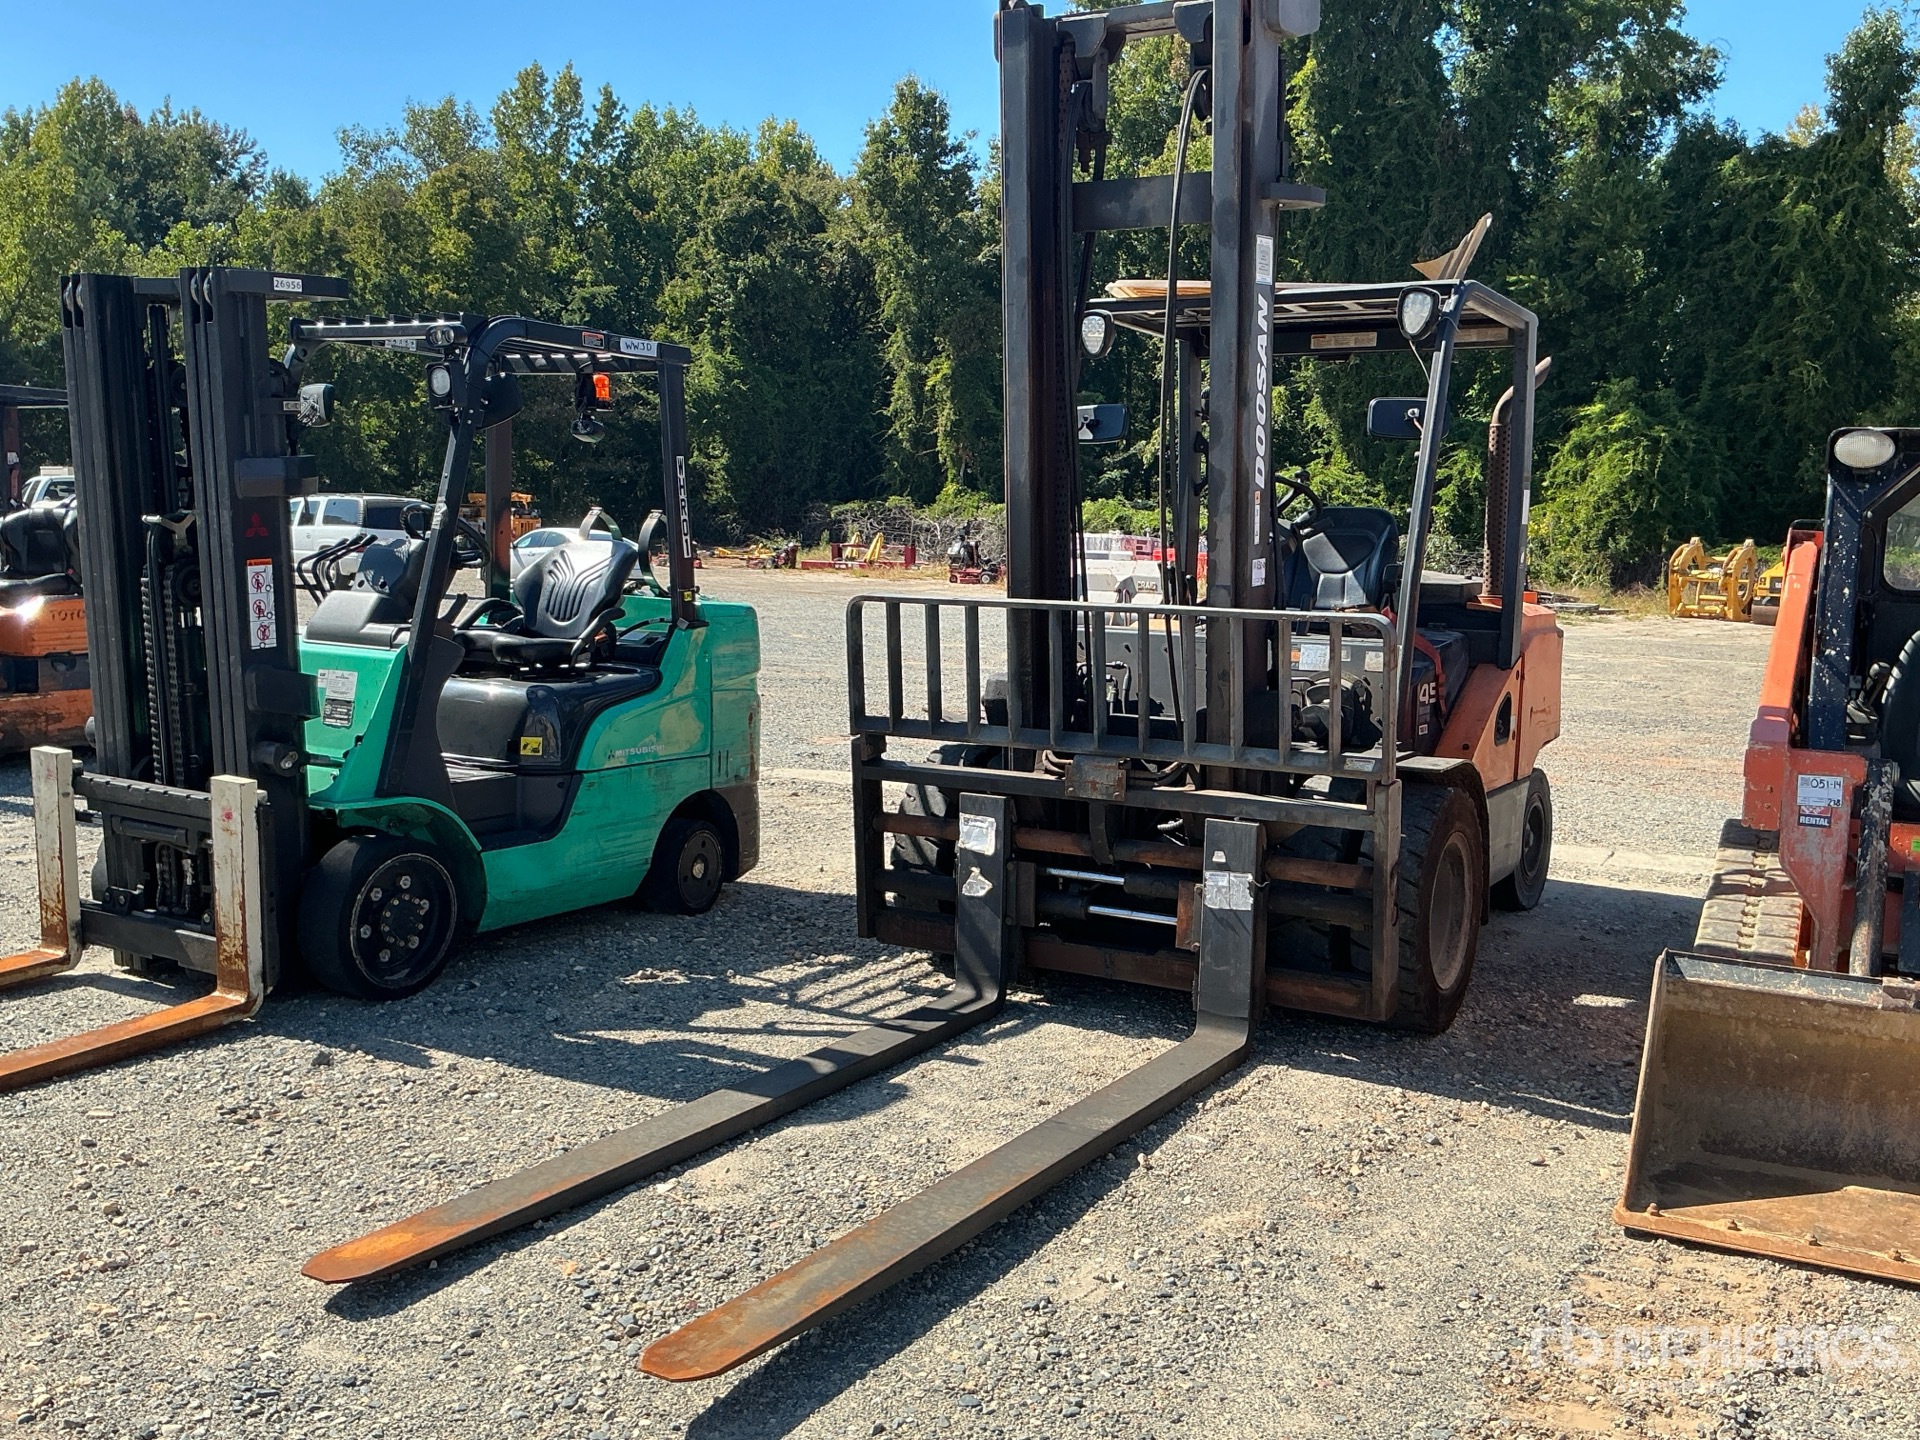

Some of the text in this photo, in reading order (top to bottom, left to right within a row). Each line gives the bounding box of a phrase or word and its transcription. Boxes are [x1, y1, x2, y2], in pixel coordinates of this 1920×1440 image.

[274, 279, 302, 290] 26956
[1254, 293, 1268, 489] DOOSAN
[615, 744, 665, 757] MITSUBISHI
[1800, 815, 1830, 826] RENTAL

What is needed
Set each line of the records down again exactly as it reads. Omit the pictures.

Exercise output
Some of the text in this photo, in reading order (top to bottom, left to right within a row). Each line gives the bounding box of a phrase or word and its transcription. Boxes are [x1, y1, x2, y2], in pixel coordinates of this 1920×1440 image.

[274, 279, 302, 290] 26956
[1254, 293, 1268, 489] DOOSAN
[615, 744, 665, 757] MITSUBISHI
[1800, 815, 1830, 826] RENTAL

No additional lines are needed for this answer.